Data excerpts

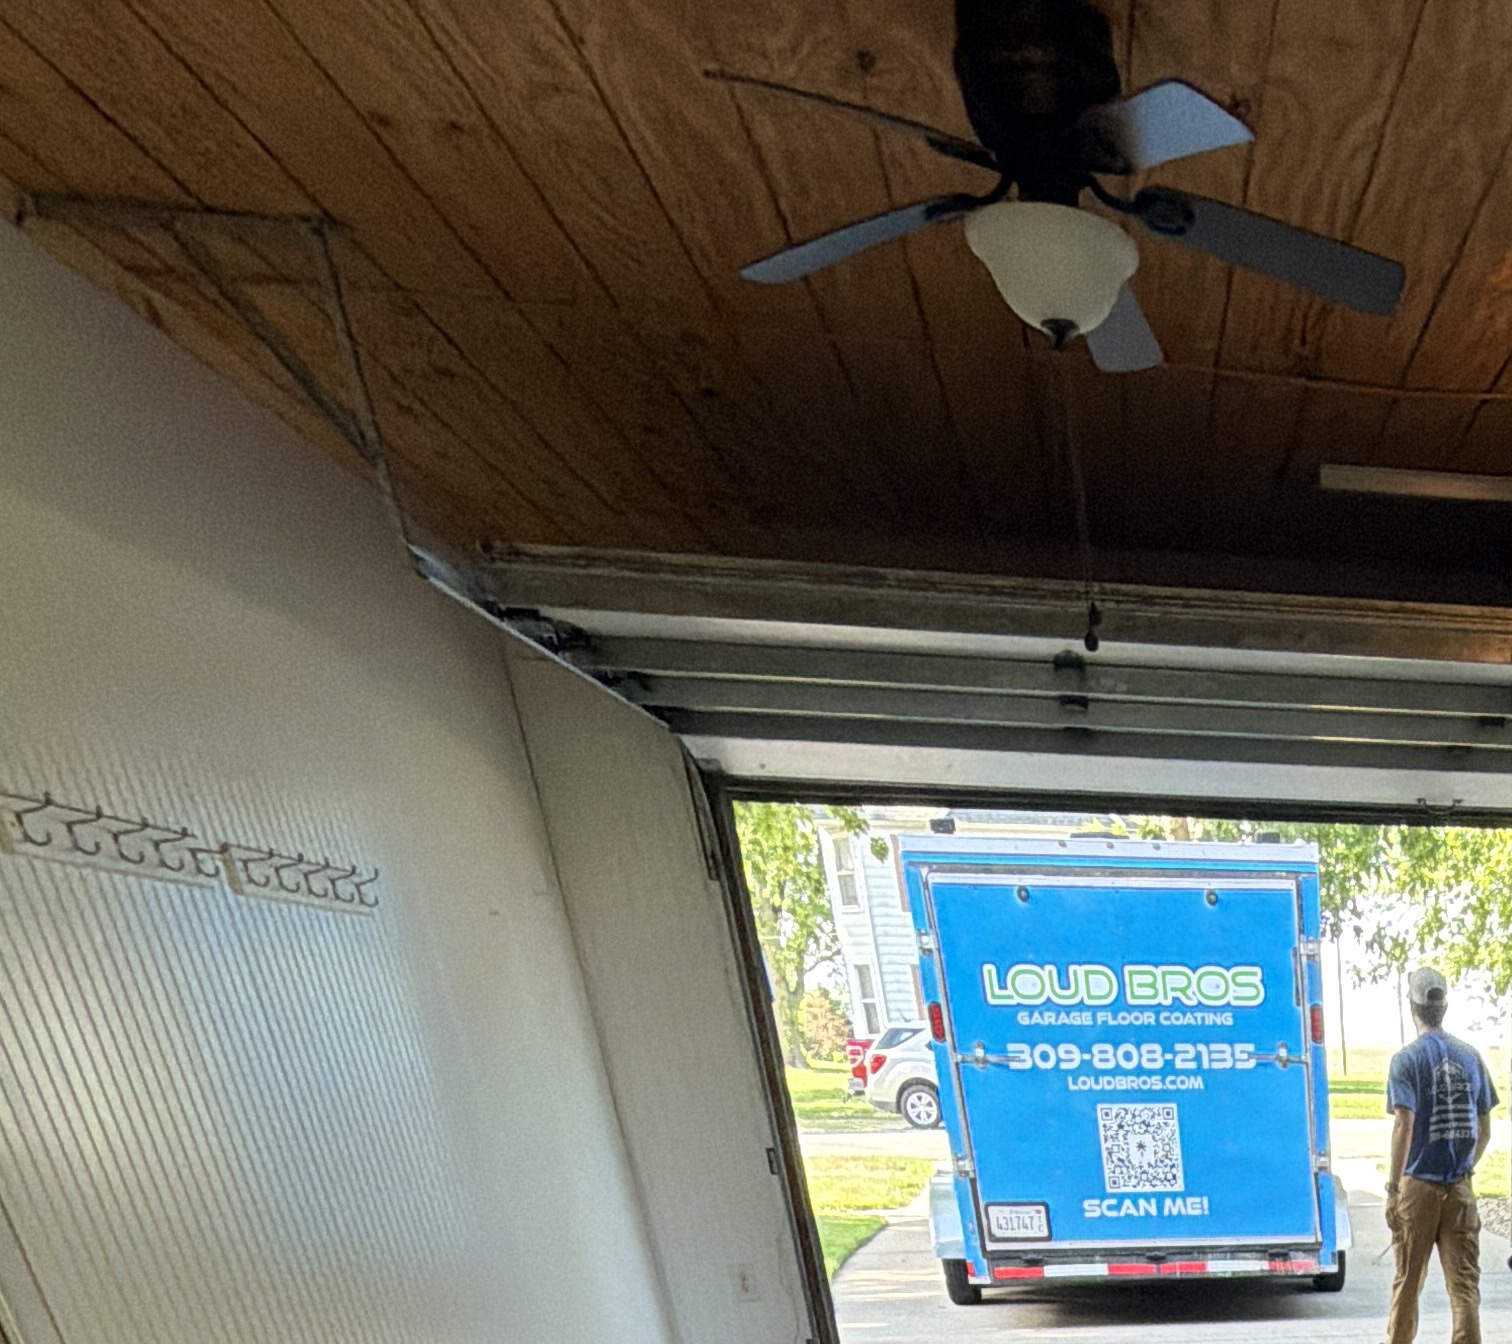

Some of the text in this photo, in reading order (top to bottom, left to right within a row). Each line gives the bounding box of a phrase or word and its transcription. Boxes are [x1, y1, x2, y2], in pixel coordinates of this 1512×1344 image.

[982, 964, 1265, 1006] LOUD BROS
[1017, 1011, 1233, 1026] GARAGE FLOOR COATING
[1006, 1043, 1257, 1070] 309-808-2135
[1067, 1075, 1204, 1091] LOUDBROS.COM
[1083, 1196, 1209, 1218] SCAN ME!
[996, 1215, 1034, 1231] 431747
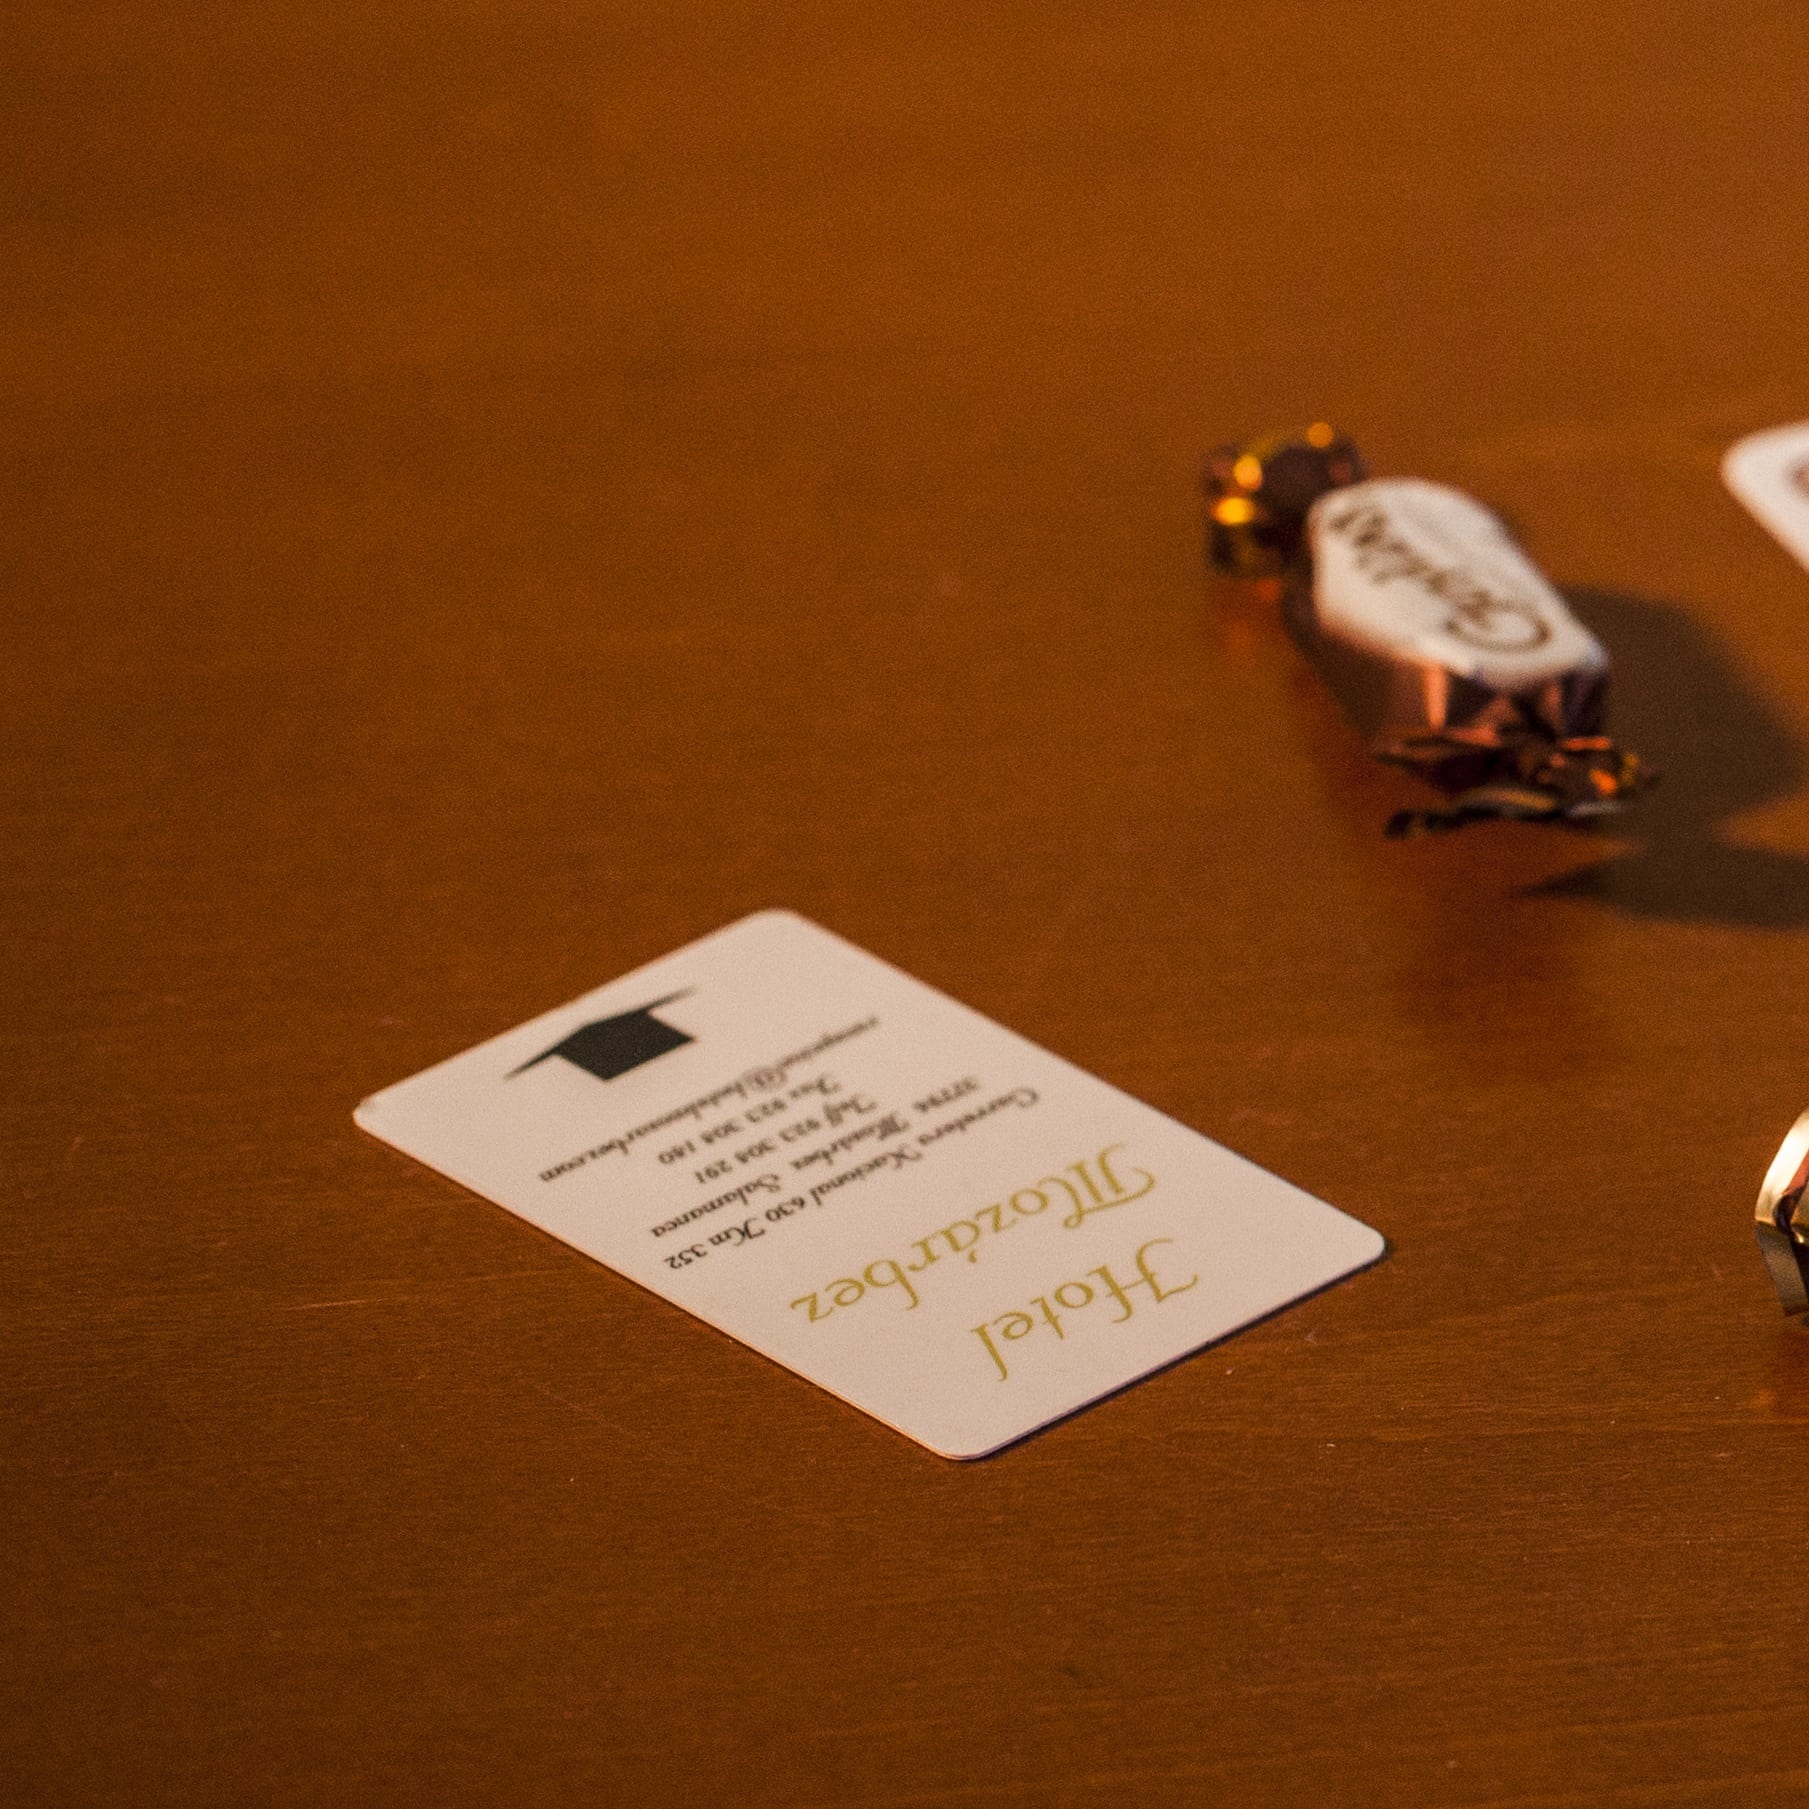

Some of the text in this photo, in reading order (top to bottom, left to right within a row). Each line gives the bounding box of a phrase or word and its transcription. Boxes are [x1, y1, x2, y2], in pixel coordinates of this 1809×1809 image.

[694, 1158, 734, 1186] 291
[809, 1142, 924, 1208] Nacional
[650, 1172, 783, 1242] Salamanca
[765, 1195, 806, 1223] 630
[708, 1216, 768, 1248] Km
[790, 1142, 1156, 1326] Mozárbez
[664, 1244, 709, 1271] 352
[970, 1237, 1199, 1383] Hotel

* _What you need to do_
After locating the line with "this 1809×1809 image." in the records above, please set down that line and all later ones exactly, and no other line.

* _Task solution_
Some of the text in this photo, in reading order (top to bottom, left to right within a row). Each line gives the bounding box of a phrase or word and its transcription. Boxes are [x1, y1, x2, y2], in pixel coordinates of this 1809×1809 image.

[694, 1158, 734, 1186] 291
[809, 1142, 924, 1208] Nacional
[650, 1172, 783, 1242] Salamanca
[765, 1195, 806, 1223] 630
[708, 1216, 768, 1248] Km
[790, 1142, 1156, 1326] Mozárbez
[664, 1244, 709, 1271] 352
[970, 1237, 1199, 1383] Hotel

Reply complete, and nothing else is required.